Authorities in the eastern city of Hangzhou have proposed combining medical records, physical exam results, and data on lifestyle choices to create a healthcare score for citizens. Officials said the system would be a “firewall to enhance people’s health and immunity,” the Guardian reports. They aim to launch the app by the end of next month. Each of the city’s 10 million residents would be given a colored health badge based on a collation of this data, and a score from 1-100 that will be used to create health rankings. [Read: Snowden warns that the surveillance states we’re creating now will outlast the coronavirus] “At the same time, we can use big data to rate group health in apartment buildings, residential communities and businesses,” said Hangzhou health commission chief Sun Yongrong.

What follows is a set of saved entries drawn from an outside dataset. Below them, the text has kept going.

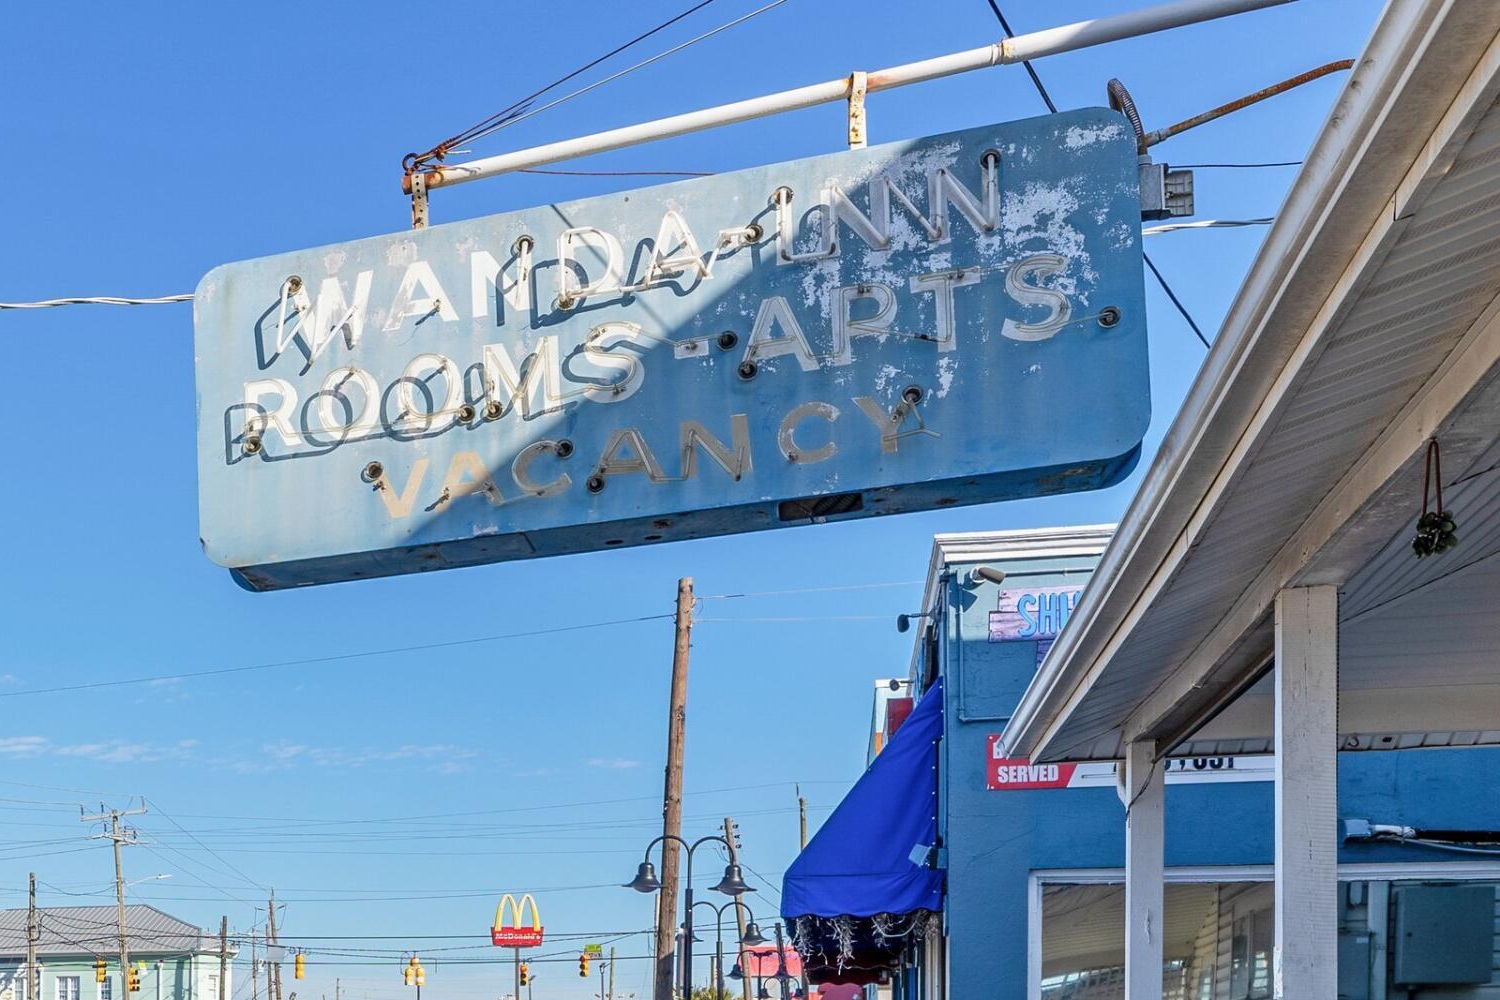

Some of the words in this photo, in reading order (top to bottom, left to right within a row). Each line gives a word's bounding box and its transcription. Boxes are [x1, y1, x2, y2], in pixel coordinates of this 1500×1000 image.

[375, 396, 922, 518] VACANCY
[997, 765, 1059, 783] SERVED
[495, 932, 541, 940] McDonald's
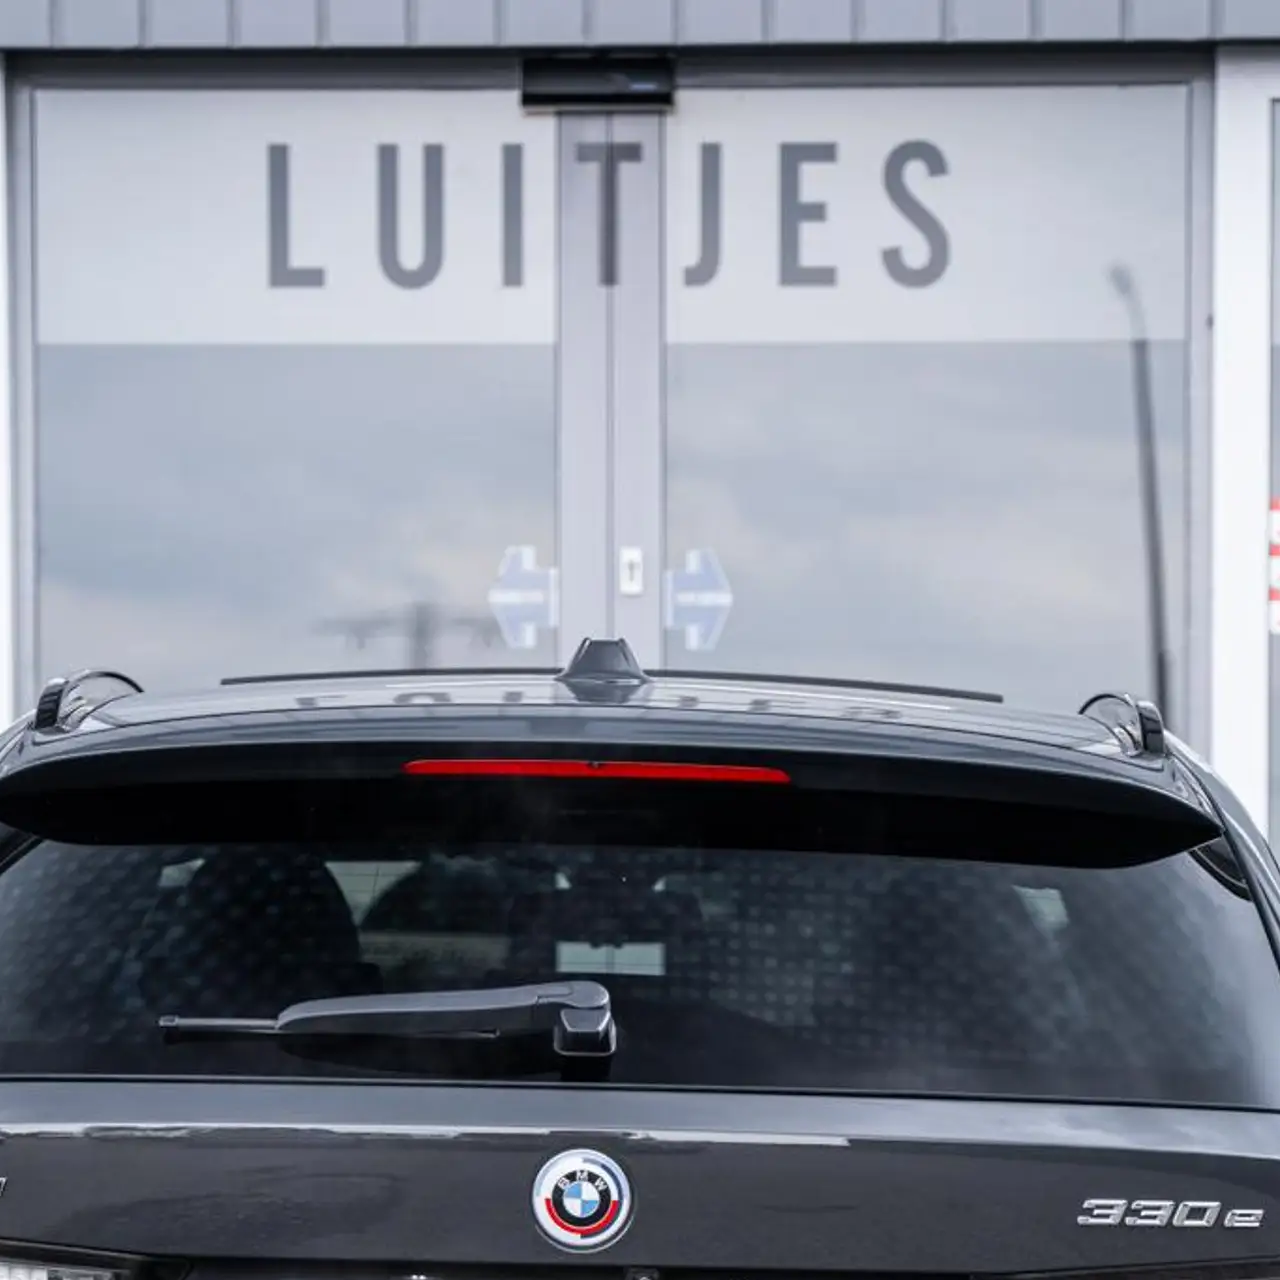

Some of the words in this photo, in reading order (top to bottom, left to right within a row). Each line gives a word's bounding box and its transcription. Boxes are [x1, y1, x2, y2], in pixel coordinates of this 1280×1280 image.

[267, 140, 951, 290] LUITJES
[557, 1169, 608, 1191] BMW
[1076, 1198, 1265, 1229] 330e
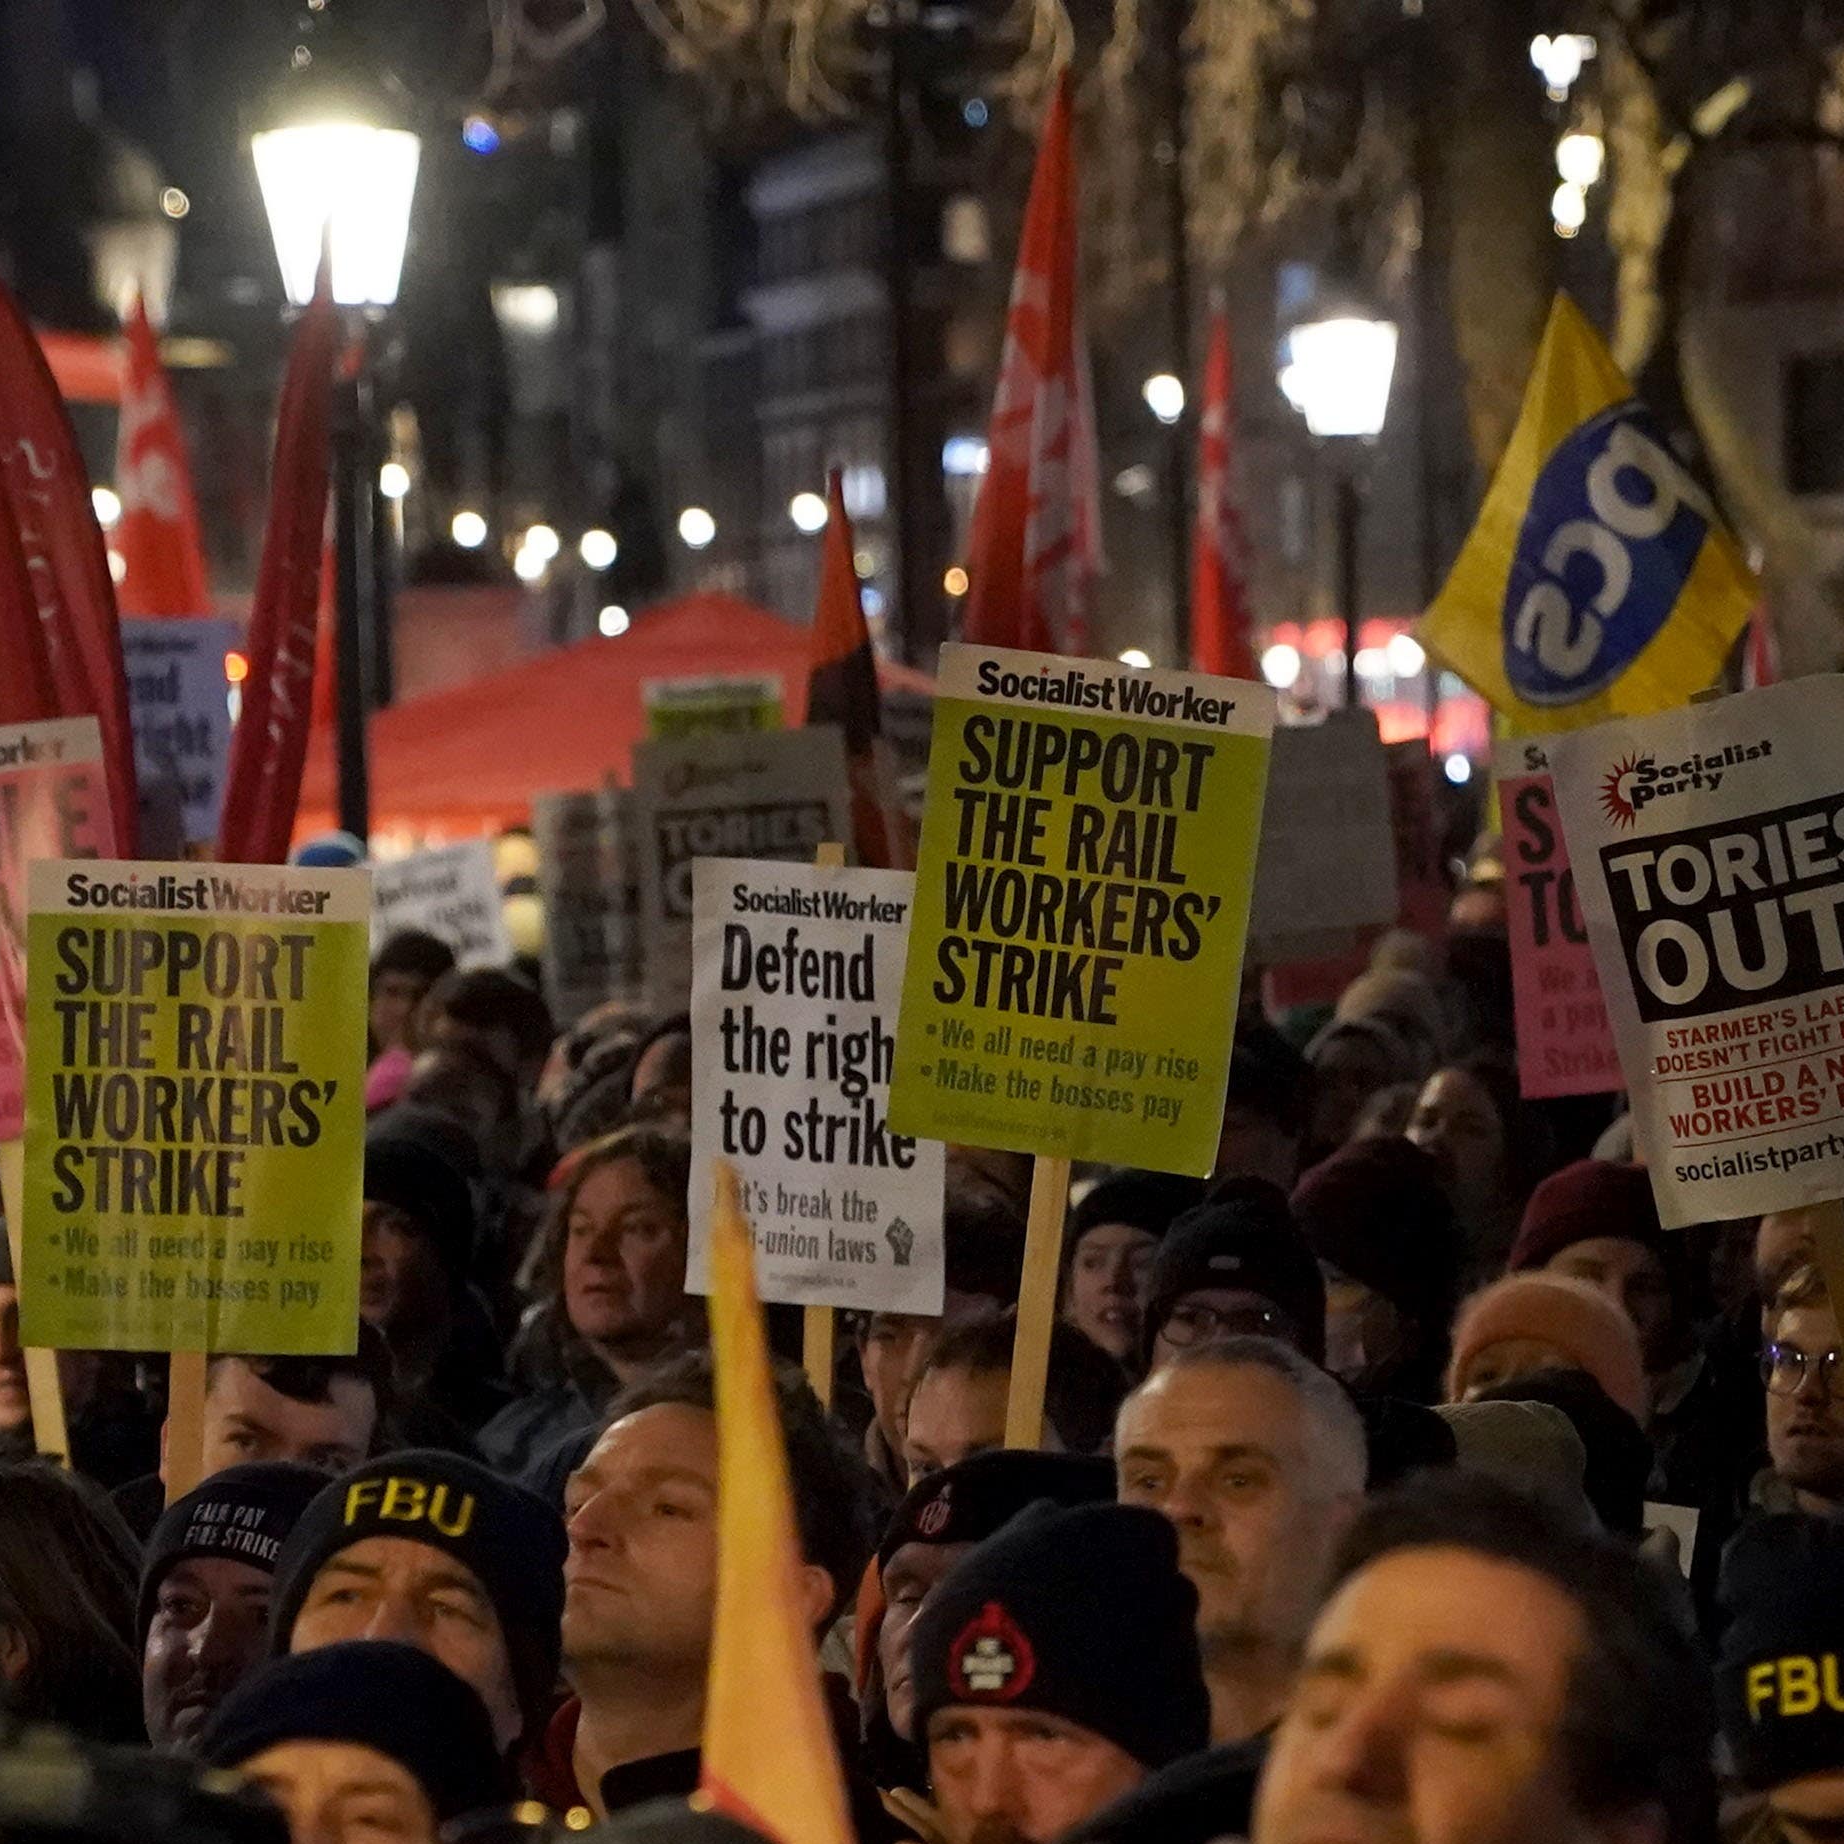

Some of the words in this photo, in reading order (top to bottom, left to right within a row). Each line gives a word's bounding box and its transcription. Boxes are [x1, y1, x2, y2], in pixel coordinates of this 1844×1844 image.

The surveillance backlash grows
Hangzhou’s system was originally used to identify a citizen’s risk of infection by tracking their travel history and health. Their virus status was added to a QR code that showed whether they should be quarantined or allowed to move around the city. The health codes were run by mobile payments company Alipay, which told CNBC that it had “not been contacted by any party with respect to this project.” Hangzhou’s health commission’s website suggests the city’s moving forward with the plans regardless, further stoking tensions about digital surveillance in China. Critics worry that the system will not only read their personal health records, but could also be used to screen job applicants and create tiered insurance pricing plans. For other nations using surveillance tech to combat the coronavirus, the plans show that temporary security measures can quickly become permanent.